EVALUATION FOR PATIENTS WITH INCREASED FALL RISK — A targeted history and physical examination can identify patients at risk for falling. In particular, a history of previous fall and a physical finding of lower-extremity weakness are important risk factors. Although several fall risk tools have been developed for specific populations, such as patients undergoing rehabilitation, no tool has an optimal balance between sensitivity and specificity [125]. A large study from Sweden found that the Downton Fall Risk Index predicted fall injury, hip fracture, head injury and all-cause mortality in a population of older persons assessed in a variety of locations that provide care with skilled professionals, including residential care facilities, primary health care, and home health care [126]. The Index was developed in residential care and rehabilitation facilities, and it is not clear how the individual components can be standardized for non-health facility settings. Thus, we suggest risk factor assessment be performed as described below, using the American Geriatrics Society Fall Prevention Guideline.

History — Several studies report that the most important consideration in the history is a previous fall, which places the patient at increased risk of future falls [41,49,72,73].

For patients presenting with a fall, important components of the history include the activity of the faller at the time of the incident, prodromal symptoms (lightheadedness, imbalance, dizziness), and where and when the fall occurred. Loss of consciousness is associated with injurious falls and should raise important considerations such as orthostatic hypotension, cardiac disease, or neurologic disease.
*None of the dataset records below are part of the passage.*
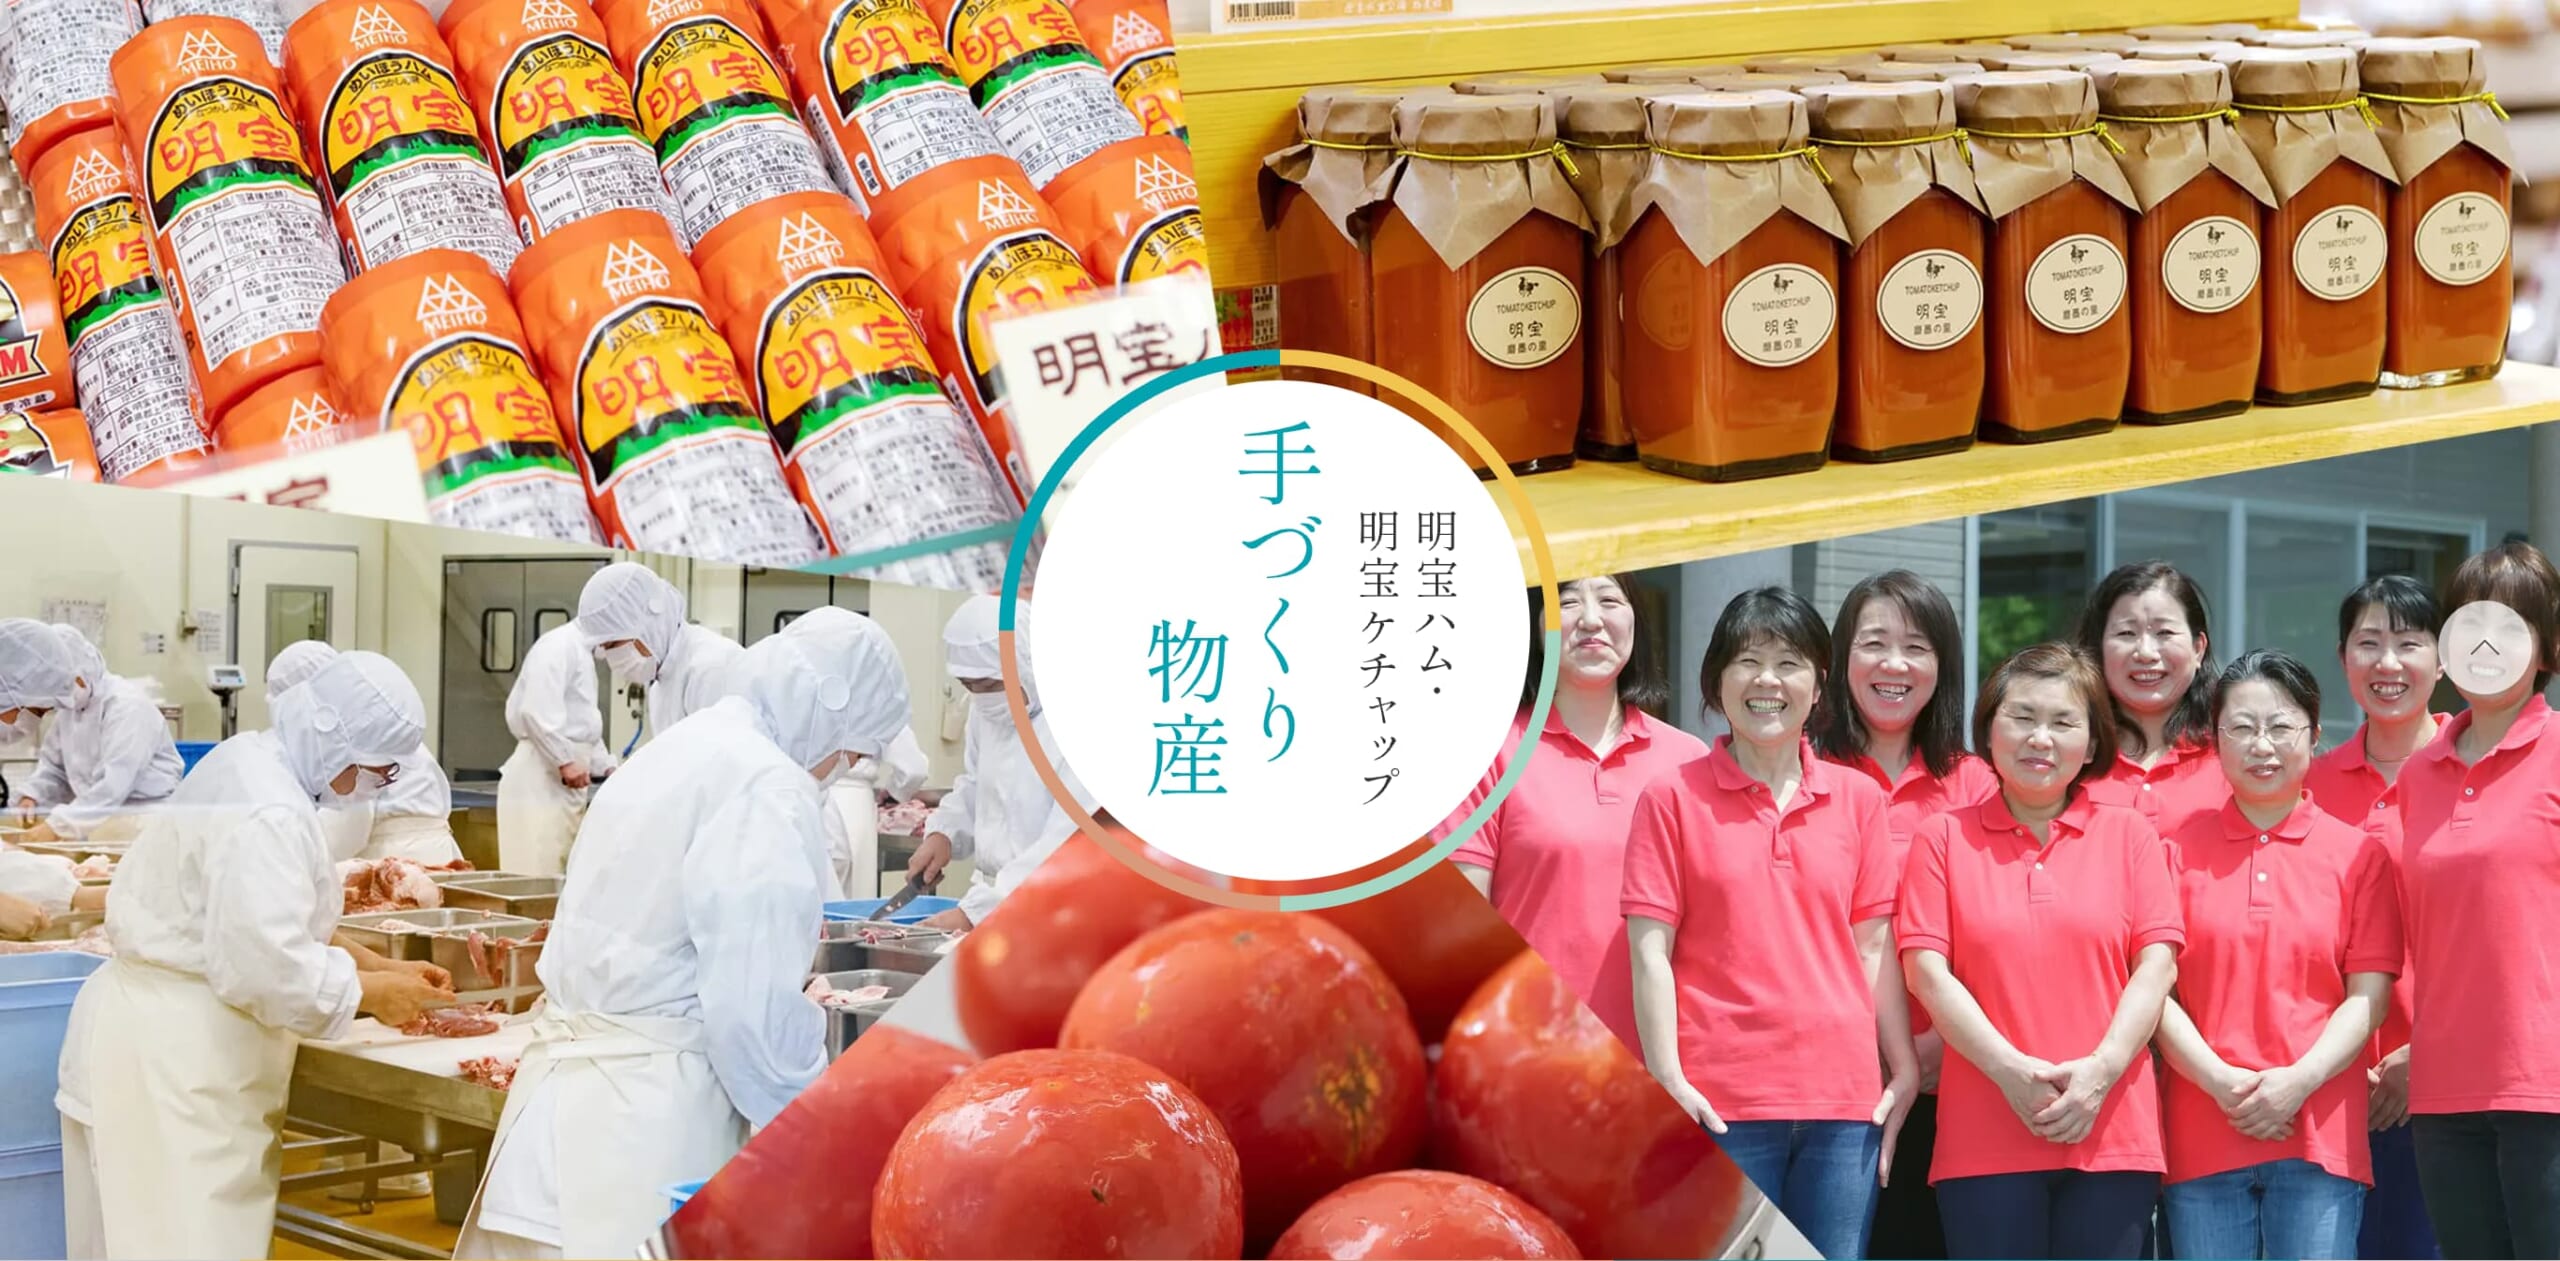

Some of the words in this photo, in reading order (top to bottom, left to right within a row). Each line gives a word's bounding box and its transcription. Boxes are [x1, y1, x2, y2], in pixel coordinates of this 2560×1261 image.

[650, 0, 704, 26] MEIHO
[526, 17, 578, 33] MEIHO
[354, 32, 408, 50] MEIHO
[651, 27, 732, 69] めいほうハム
[181, 60, 238, 76] MEIHO
[348, 59, 433, 94] めいほうハム
[646, 52, 769, 123] 明宝
[173, 84, 261, 119] めいほうハム
[509, 71, 636, 130] 明宝
[338, 88, 471, 149] 明宝
[159, 114, 303, 177] 明宝
[70, 177, 121, 204] MEIHO
[1143, 187, 1199, 208] MEIHO
[984, 212, 1041, 233] MEIHO
[784, 245, 845, 273] MEIHO
[2052, 265, 2104, 281] TOMATOKETCHUP
[2200, 267, 2229, 284] 明宝
[610, 275, 671, 300] MEIHO
[1905, 282, 1960, 296] TOMATOKETCHUP
[2064, 286, 2094, 304] 明宝
[786, 280, 880, 327] めいほうハム
[1497, 300, 1556, 314] TOMATOKETCHUP
[1752, 296, 1811, 312] TOMATOKETCHUP
[1916, 303, 1948, 319] 明宝
[423, 311, 488, 333] MEIHO
[1509, 320, 1543, 339] 明宝
[1765, 318, 1798, 336] 明宝
[774, 315, 926, 394] 明宝
[592, 346, 744, 422] 明宝
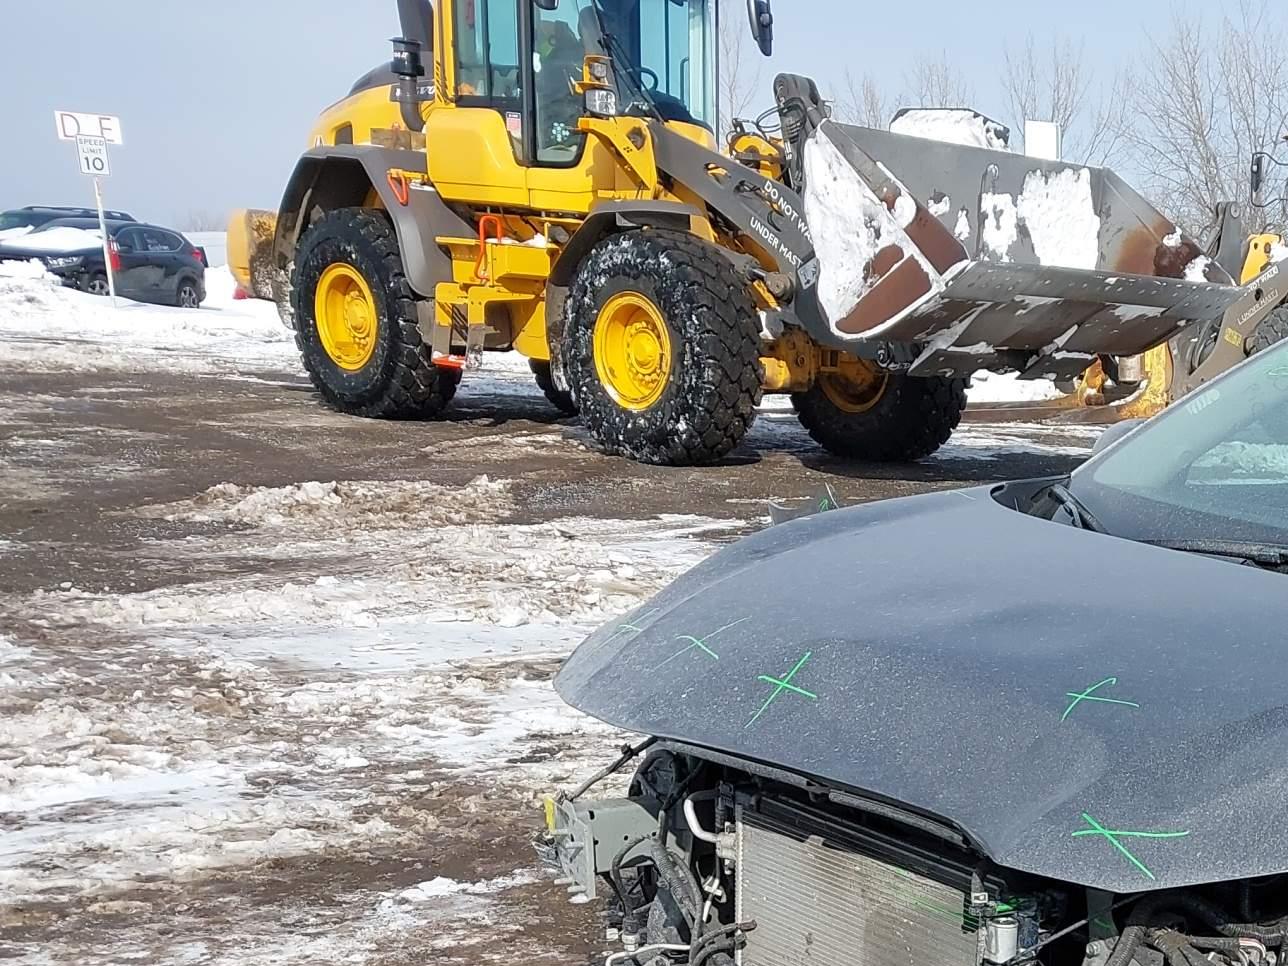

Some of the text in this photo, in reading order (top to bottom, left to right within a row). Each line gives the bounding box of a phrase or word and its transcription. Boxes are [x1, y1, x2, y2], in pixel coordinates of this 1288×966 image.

[60, 113, 81, 138] D
[78, 138, 105, 147] SPEED
[84, 156, 105, 171] 10
[764, 180, 779, 200] DO
[777, 196, 800, 222] NOT
[750, 216, 804, 270] UNDER MAST
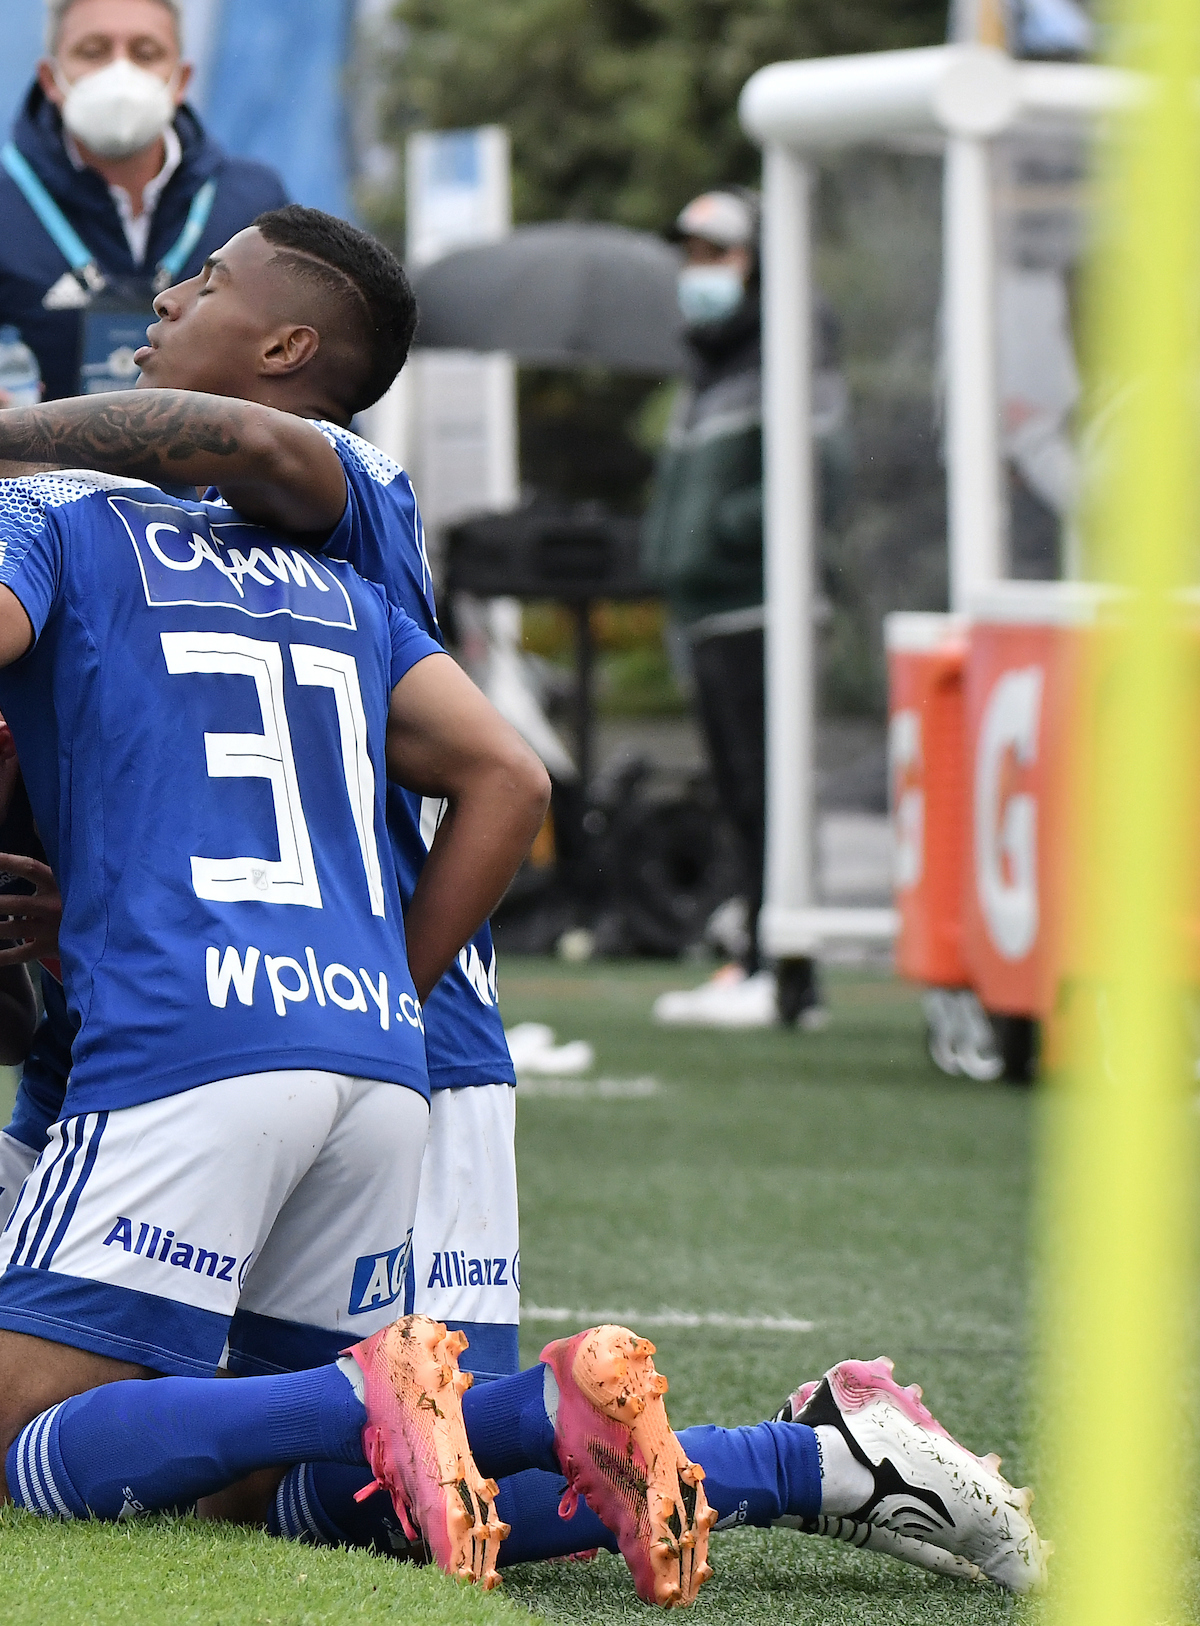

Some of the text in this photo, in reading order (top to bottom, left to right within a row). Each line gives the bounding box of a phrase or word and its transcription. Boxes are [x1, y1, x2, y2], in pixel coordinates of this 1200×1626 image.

[160, 631, 386, 920] 31
[974, 663, 1044, 963] G
[102, 1216, 237, 1283] Allianz
[427, 1250, 509, 1289] Allianz
Identification of underlying chronic diseases that increase falls risk is important. Examples of these age-related chronic conditions include Parkinson disease, chronic musculoskeletal pain, knee osteoarthritis, cognitive impairment, dementia, stroke, and diabetes. Visual impairment should also be assessed.

Information on previous falls should be collected to identify patterns that may help target risk factor modification strategies. A complete medication history should be taken, with specific focus on psychotropic medications, sedative hypnotics, antidepressants, and antihypertensive medications. Specific questions should be asked about the timing of medication administration to past falls. Alcohol use should be determined. Environmental factors that may have contributed to the fall should also be identified; information on lighting, floor covering, door thresholds, railings, and furniture may add important clues.

Musculoskeletal function — The most important aspect of the physical examination in the patient who has fallen is an assessment of integrated musculoskeletal function. This can be obtained by performing one or more tests of postural stability.

Performance Oriented Mobility Assessment — The Performance Oriented Mobility Assessment tool (POMA, or Tinetti Assessment Tool) is a scored instrument that assesses balance (nine items) and gait (seven items), using an ordinal scale from 0 to 2 ("0" for the most impaired performance, "1" if slight impairment, and "2" if independent) [127]. The POMA tool is available here. The items range from being able to maintain balance when someone slightly pulls on an individual, to walking normally with assessment of step continuity and path deviation. No reliable cutpoint has been established for the POMA score in the prediction of falls.

'Get Up and Go' test — One of the best known tests is commonly referred to as the "Get Up and Go" test, originally described using a graded 1 to 5 scale (where 1 is normal and 5 is severely abnormal) [128]. Later versions employed a timed performance approach [129]. A 2013 meta-analysis of 53 studies (n = 12,800) showed that the timed "Get Up and Go" test in adults ≥60 years of age did not show a difference in scores between those with falls and those without falls who were living independently [130]. While the test showed a mean difference of 3.59 seconds between institutionalized persons with falls and those without falls, cutoff points distinguishing these groups showed considerable variation between studies, and the diagnostic accuracy in most studies was poor to moderate. The "Get Up and Go" test is best used as part of a global assessment of an individual’s fall risk.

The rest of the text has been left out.